Women Suing State Troopers Over Roadside Cavity Searches

truther December 20, 2012 1

Adan Salazar
Infowars

Two Texas women have filed a federal suit against two state troopers and their department head after being forced to undergo a humiliating “roadside body cavity search” during a routine traffic stop in July.

 

According to NBC DFW, “The lawsuit further alleges that [trooper Kelley] Helleson performed searches on both women, touching both their anus and vaginas, without changing the latex gloves between searches.”

Footage of the incident was caught by one of the trooper’s dash-cams and shows in horrific detail how the two women, Angel Dobbs, 38, and her niece, Ashley Dobbs, 24, were made to submit to invasive grope-downs in full view of passing motorists.

The stop begins, innocently enough, with trooper David Farrell pulling the two ladies over for allegedly throwing cigarette butts out of their windows, which they denied.

Afterwards, the state trooper, is heard radioing a female officer requesting her assistance with a search he intended to perform.

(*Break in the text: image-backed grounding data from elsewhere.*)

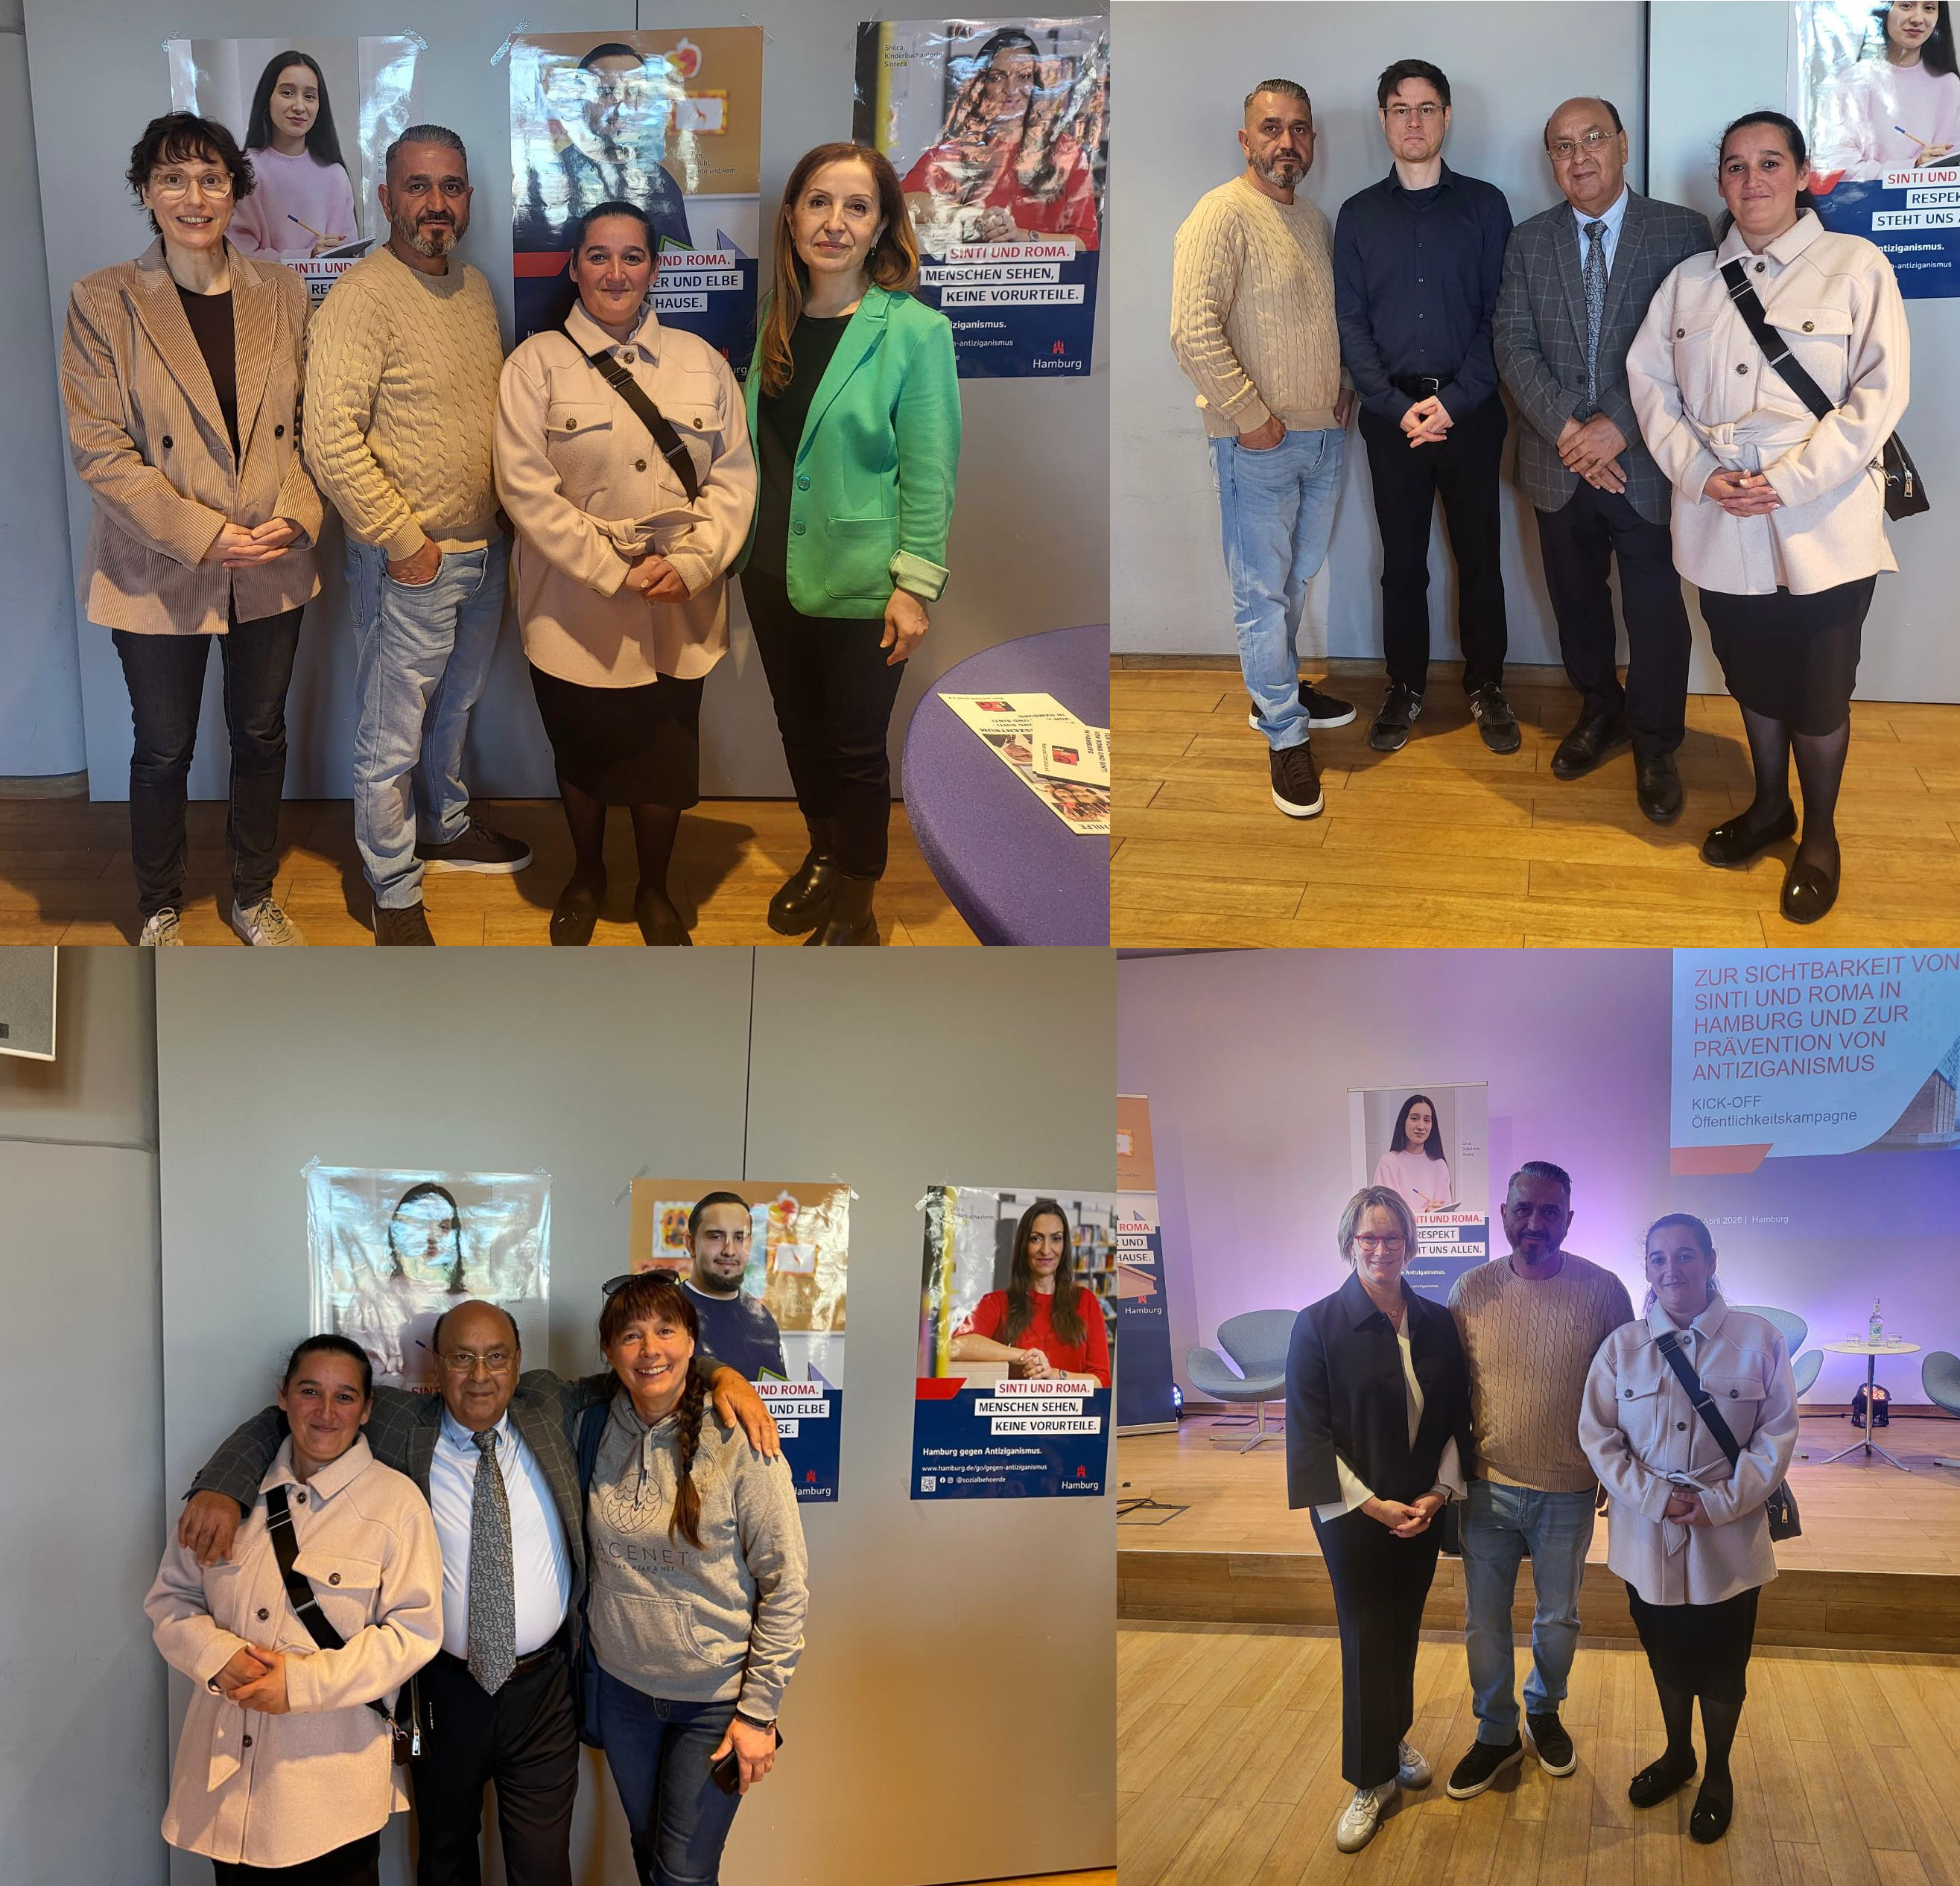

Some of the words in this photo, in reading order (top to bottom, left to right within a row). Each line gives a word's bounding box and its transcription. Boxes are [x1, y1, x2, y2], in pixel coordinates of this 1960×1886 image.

[1887, 172, 1923, 185] SINTI
[1927, 171, 1958, 182] UND
[1877, 214, 1922, 226] STEHT
[1925, 212, 1955, 225] UNS
[950, 247, 986, 259] SINTI
[991, 247, 1021, 258] UND
[1024, 245, 1071, 258] ROMA.
[686, 254, 731, 266] ROMA.
[925, 268, 1002, 282] MENSCHEN
[1006, 267, 1056, 282] SEHEN,
[673, 276, 703, 288] UND
[706, 275, 739, 287] ELBE
[945, 290, 986, 303] KEINE
[991, 288, 1079, 302] VORURTEILE.
[655, 297, 703, 308] HAUSE.
[1032, 358, 1082, 371] Hamburg
[1693, 968, 1739, 988] ZUR
[1744, 955, 1906, 985] SICHTBARKEIT
[1911, 952, 1960, 974] VON
[1694, 990, 1748, 1012] SINTI
[1755, 986, 1802, 1008] UND
[1808, 983, 1874, 1004] ROMA
[1880, 980, 1902, 1000] IN
[1693, 1011, 1804, 1035] HAMBURG
[1810, 1007, 1857, 1028] UND
[1862, 1004, 1909, 1026] ZUR
[1693, 1033, 1833, 1058] PRÄVENTION
[1837, 1029, 1886, 1050] VON
[1692, 1053, 1876, 1082] ANTIZIGANISMUS
[1692, 1095, 1763, 1111] KICK-OFF
[1691, 1111, 1858, 1128] Öffentlichkeitskampagne
[1430, 1215, 1450, 1223] UND
[1452, 1213, 1482, 1223] ROMA.
[1702, 1216, 1721, 1225] April
[1722, 1216, 1742, 1225] 2026
[1751, 1216, 1789, 1225] Hamburg
[1119, 1223, 1153, 1231] ROMA.
[1121, 1239, 1144, 1247] UND
[1430, 1245, 1448, 1254] UNS
[1450, 1245, 1482, 1254] ALLEN.
[1125, 1306, 1163, 1315] Hamburg
[781, 1385, 819, 1395] ROMA.
[998, 1383, 1027, 1393] SINTI
[1030, 1383, 1053, 1393] UND
[1056, 1383, 1090, 1393] ROMA.
[770, 1404, 795, 1414] UND
[798, 1404, 825, 1414] ELBE
[979, 1402, 1039, 1412] MENSCHEN
[1041, 1402, 1079, 1413] SEHEN,
[995, 1421, 1027, 1431] KEINE
[1030, 1420, 1097, 1431] VORURTEILE.
[922, 1447, 958, 1457] Hamburg
[959, 1448, 983, 1457] gegen
[983, 1447, 1042, 1456] Antiziganismus.
[922, 1463, 1047, 1473] www.hamburg.de/go/gegen-antiziganismus
[956, 1476, 1006, 1484] @sozialbehoerde
[1061, 1480, 1099, 1490] Hamburg

The officer returns to their car and, out of nowhere, asks the two women, “How much marijuana is in that car? And don’t lie to me,” to which a woman replies, “I don’t smoke marijuana.” The initial exchange was transcribed by NBC:

Farrell: How much marijuana is in that car? And don’t lie to me.
Angel Dobbs: I don’t smoke marijuana.
Farrell: OK, how much marijuana is in that car? That’s my question.
Dobbs: I swear to God, I don’t smoke marijuana.
Farrell: I’m not asking you if you smoke it.
Dobbs: I don’t think there is any marijuana in that car.
Farrell: OK, when was the last time somebody smoked marijuana in that car?
Dobbs: I honestly don’t know. It’s my boyfriend’s car. So, I just borrowed it.
Farrell: There’s an odor of marijuana coming from the car and that’s why I’ve got to talk to you further about it. Um, and the more upfront you are the better it’s going to go for you. So, you’re telling me there’s no marijuana in that car?
Dobbs: To the best of my knowledge, no there is not.
Farrell: Is there anything hidden on your person?
Dobbs: On my person?
Farrell: On your person, in your shoes, in your underwear?
Dobbs: No. I feel like I’m being treated like a criminal right now. What’s going on?
Farrell: I’ve got a female Trooper up the road, she’s going to come down here and we’re just going to check a little bit more.

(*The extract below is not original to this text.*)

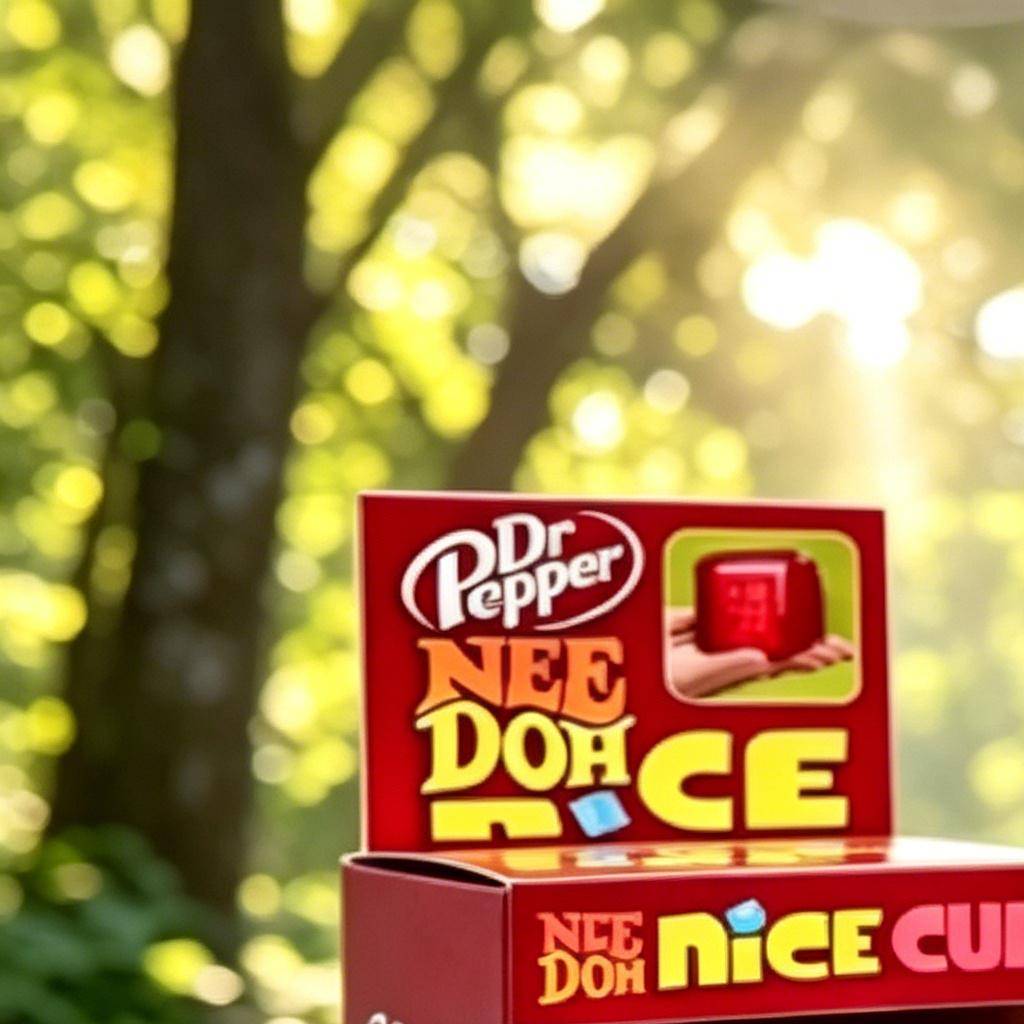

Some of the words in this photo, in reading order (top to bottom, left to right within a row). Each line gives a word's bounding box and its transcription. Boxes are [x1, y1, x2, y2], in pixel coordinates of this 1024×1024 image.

When the female officer arrives, Farrell relays that the women “are both acting real weird” and singles out the driver, Angel, as needing the search, saying, “There may be a dimesack in there or something, but I’m still gonna search it.”

Next, the female trooper, Kelley Helleson, is seen putting the all-too familiar blue gloves on before descending down the pants of the two accused drug smugglers, while Farrell searches their car.

The illegal searches failed to produce any marijuana, but that didn’t stop Farrell from performing a field sobriety test, which Dobbs passed.

The searches subsequently left a painful reminder of the incident. “Angel Dobbs said Helleson irritated an anal cyst she suffers from during the search, causing her ‘severe and continuing pain and discomfort,’” reported the Daily Mail.

According to the Dallas Morning News, the lawsuit alleges “Angel Dobbs was overwhelmed with emotion and a feeling of helplessness and reacted stating that Helleson had just violated her in a most horrific manner.”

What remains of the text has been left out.